Part of the debate – in the Senedd at 5:27 pm on 1 May 2019.
Thank you, Presiding Officer. I welcome the opportunity to speak in this debate. I agree with the sentiments that have been expressed today. It is a shame that only 30 minutes of parliamentary time is being used to deal with this very, very important issue. People will have different ways of attracting and attacking this particular problem that we face and this issue that we face, which, as the First Minister said, is the issue of this generation that we need to face and tackle head-on. But it has been an issue for the last 20 to 30 years, and there has been huge progress in the way that we have gone about our everyday lives, whether we are in business, whether we look at it domestically or whether we look at it as society as a whole.
I formally move the amendment in the name of Darren Millar, which highlights some of the successes at a UK level that we've been enjoying to date, with a 40 per cent reduction, whilst the economy has been growing by more than two thirds, and also signing up to the Paris agreement as well, which also then goes on to highlight that, sadly, in Wales here we've only seen a 19 per cent reduction in the same period from 1990 to 2015. I don't for one minute doubt the Minister's seriousness or intention and purpose in attacking some of these challenges that she in the Government's position faces, but it is a fact that, sadly, our footprint here in Wales is not achieving the same success as other parts of the United Kingdom or other examples we can look at around the globe.
Driving in this morning knowing that this debate was taking place, I did reflect back to my youth when, in Grangetown, you used to drive past, virtually next door to the IKEA store at the moment, the huge landfill tip that used to be there, and that used to be basically seven days a week landfill going in there—black rubbish and bulldozers flattening that site down time and time again. When you look at our recycling rates and the way we domestically and industrially have completely changed and transformed the way our economy works, that surely has to be a positive.
Just to declare a climate change emergency—it does need to have a roadmap and a route map of where we're going to respond to this, because the word 'emergency' indicates the seriousness of what we need to be doing. As Members here, we literally had a written statement yesterday rather than an oral statement where we could challenge and we could probe what the Minister will be doing in the next weeks, the next months, and the coming years to make the changes that people by and large across society in Wales want to see happen. And certainly from these benches, she will find willing supporters along that journey.

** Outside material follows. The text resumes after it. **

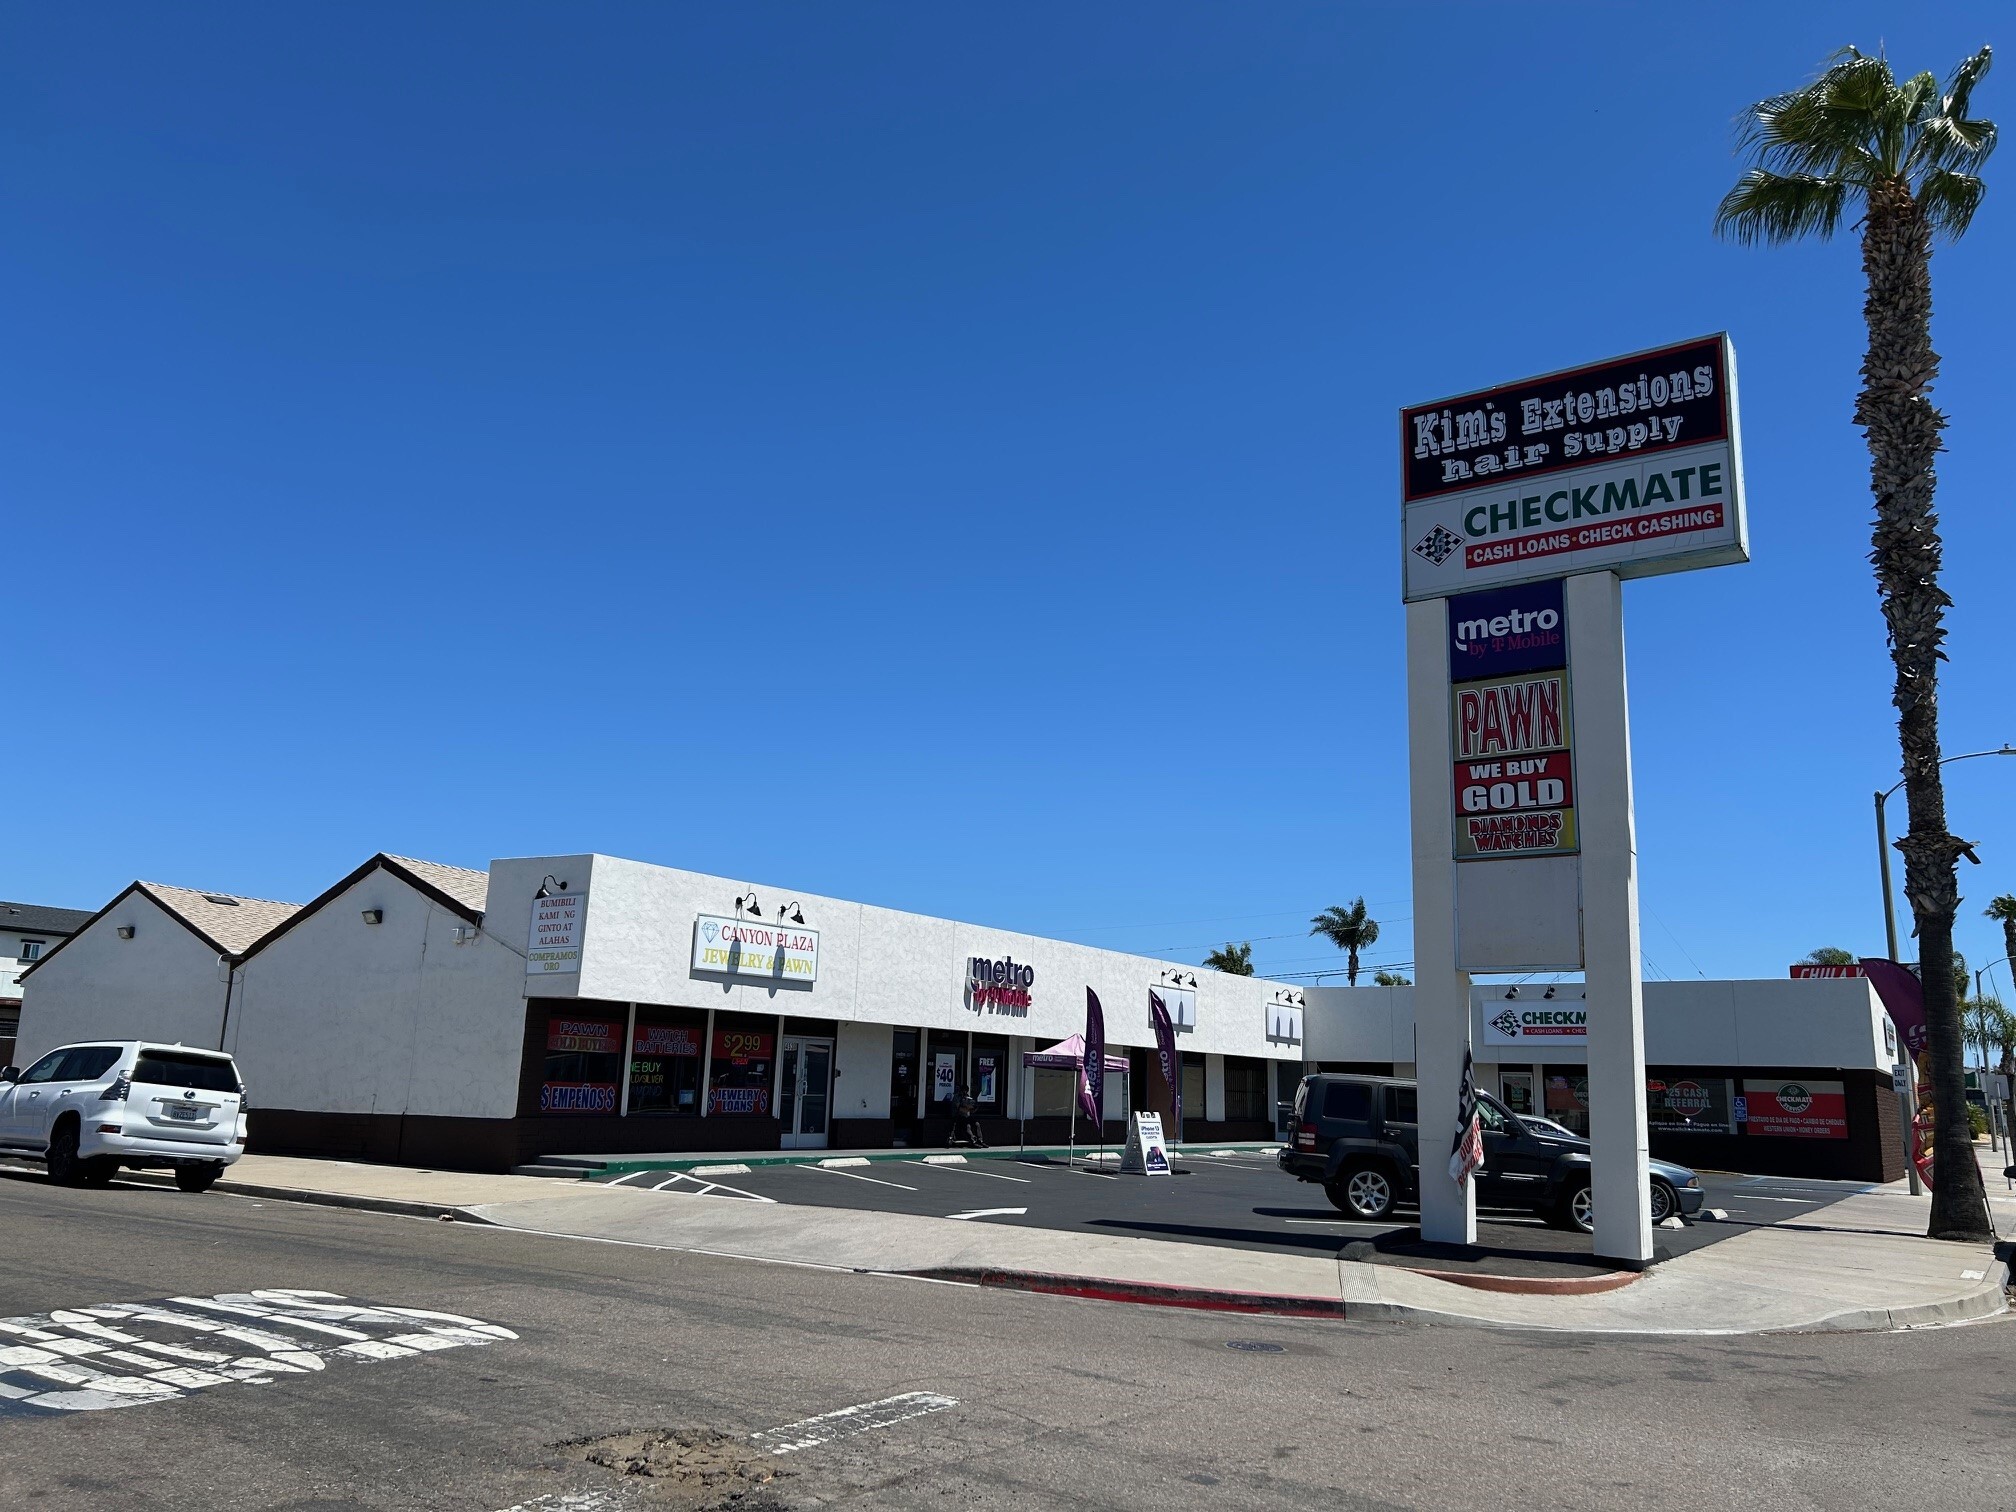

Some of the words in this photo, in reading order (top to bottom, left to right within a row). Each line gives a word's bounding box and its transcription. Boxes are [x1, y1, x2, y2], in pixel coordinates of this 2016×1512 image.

But it is also important that the Government uses the levers that are available to make sure that the changes from the Government policy position are enacted on the ground, and I, as a supporter of the M4 relief road, do find myself in contradiction to some of the points that the environmentalists want to make on this point, but I state that fact.
Now, yesterday, we had the climate change emergency announced on Monday, and we then had a Government statement talking about what it wanted to do in the field of aviation, and we know that £30 million to £40 million has been spent so far promoting the M4 relief road. I appreciate there's a difference of opinion here, but, equally, if you're in that chair as the Government, you need to make sure that you're using the tools available to back up the rhetoric that you're doing rather than just chasing the headlines on a press release on a Monday afternoon.
And when it comes to planning, for example, which is another important area and important lever that can be used, if we look around the city of Cardiff with the huge new housing estates that are being built, how much environmental work has gone in to protect and develop those estates so that they do have a positive footprint when they're built out by the 2030s and 2035s? There's so much more we can do in the field of planning. We have those powers available to us to make that difference.
In particular, I would implore the Minister to actually get to grips with some of the recommendations that have come from the environment and sustainability committee's report that looked at the way the Government was performing in this area—in the area of forestry, for example, where we know Government targets have been missed and missed by a country mile. Again, it's about the Government making sure that when it does set itself a challenge and does set itself a target, it hits that target. You might face criticism for not being ambitious enough, but at least we can have confidence that the targets are going to be met and we move on to the next level of what we need to do.
When you look at the evidence, time is ticking away against us. There has been progress over the last 20 to 30 years. Much, much more needs to be done, but let's make sure that we resolve and commit ourselves to handing over a better environment to the next generation, which is something that hasn't happened successively over previous generations. We can do it, the technology exists to do it. We just need the commitment and making sure that we deliver on our pledges.